▸ Dataset entries:
=-=-=-=-=

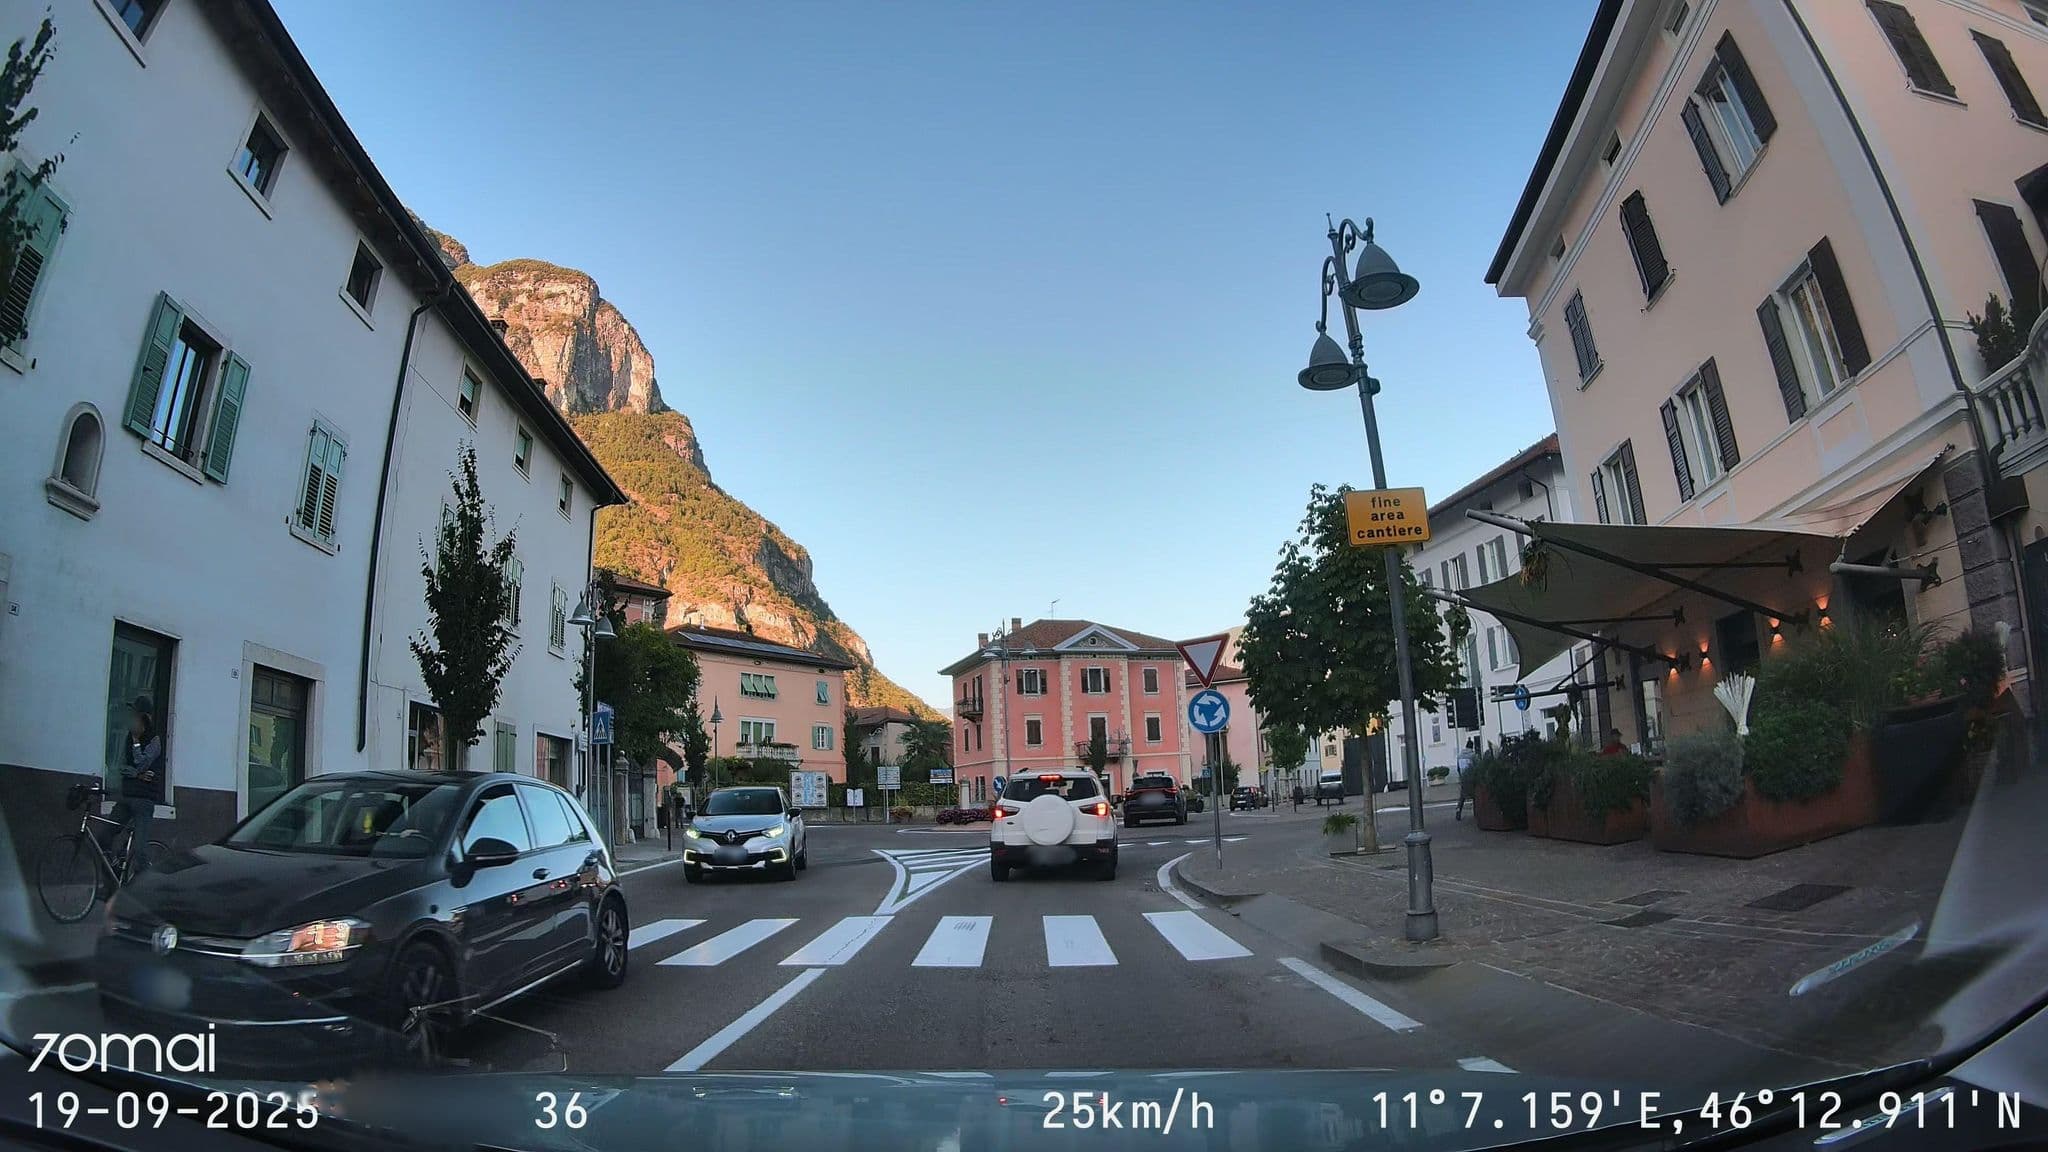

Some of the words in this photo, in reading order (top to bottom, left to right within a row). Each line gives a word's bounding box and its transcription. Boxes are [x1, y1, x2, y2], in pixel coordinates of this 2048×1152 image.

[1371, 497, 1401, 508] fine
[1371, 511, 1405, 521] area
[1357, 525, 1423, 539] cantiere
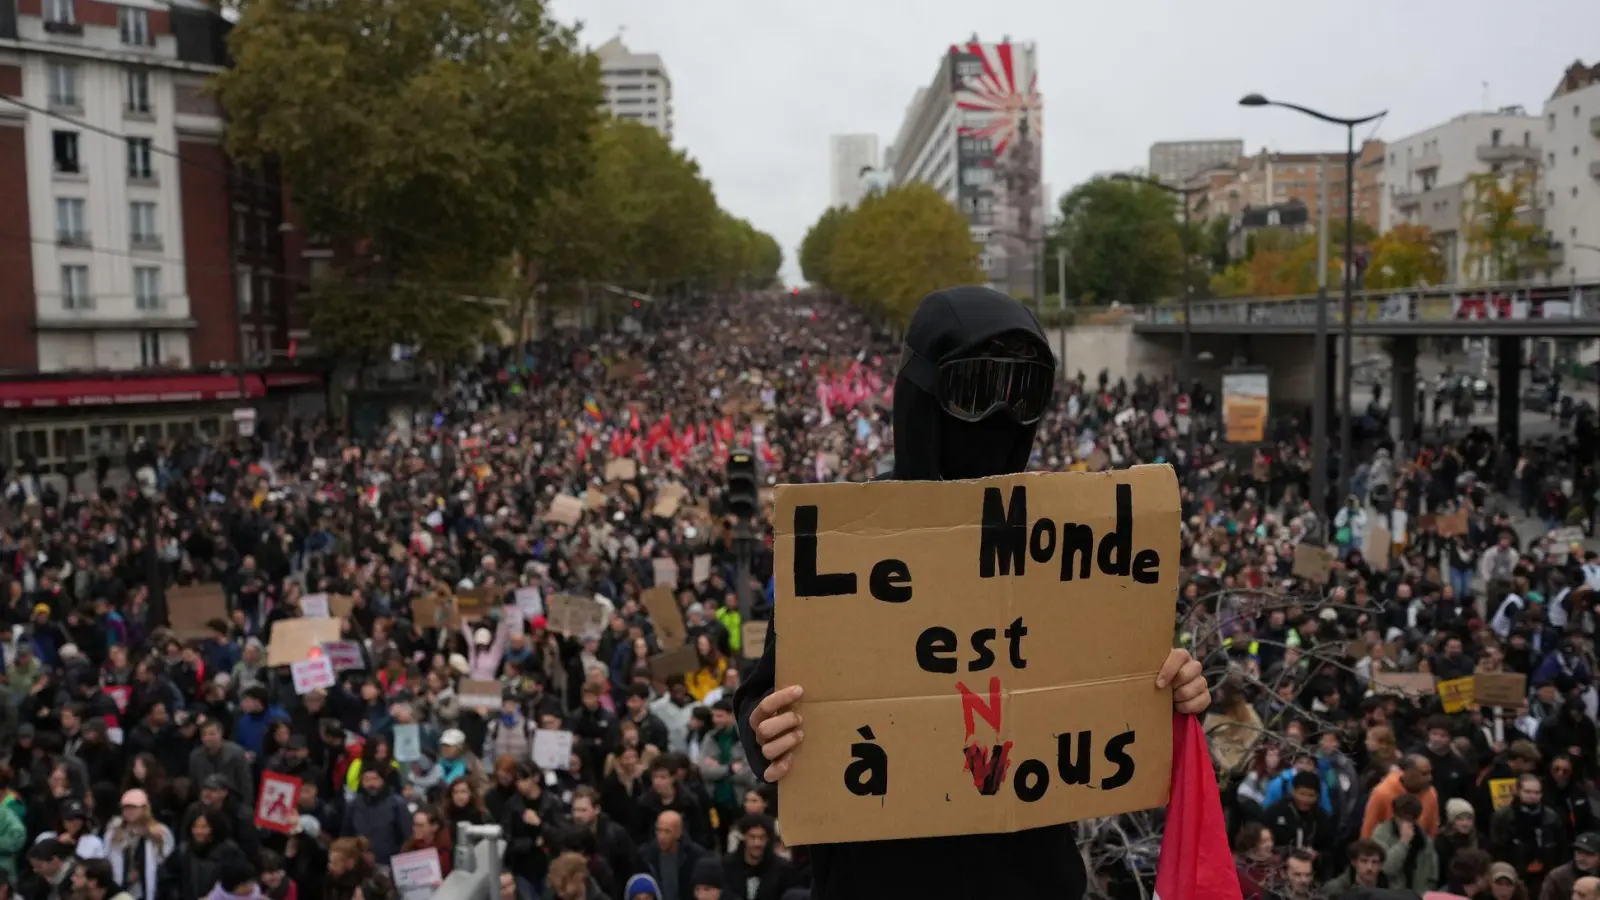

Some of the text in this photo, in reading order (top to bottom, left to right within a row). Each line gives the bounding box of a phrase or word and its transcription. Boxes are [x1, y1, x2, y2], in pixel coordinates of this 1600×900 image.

=-=-=-=-=

▸ Exercise description:
Give back the material above exactly as it appears, minus any picture.

▸ Answer below:
Some of the words in this photo, in reading order (top to bottom, left to right within a row). Each line gives a word's bounding box and its transcription. Boxes are [x1, y1, x2, y2], in pixel coordinates of this 2048×1152 image.

[1371, 497, 1401, 508] fine
[1371, 511, 1405, 521] area
[1357, 525, 1423, 539] cantiere

Some of the text in this photo, in reading order (top to bottom, left to right within a row). Each line gives the bounding box of a phrase or word and its transcription. Boxes are [x1, y1, x2, y2], in pixel coordinates of this 1600×900 image.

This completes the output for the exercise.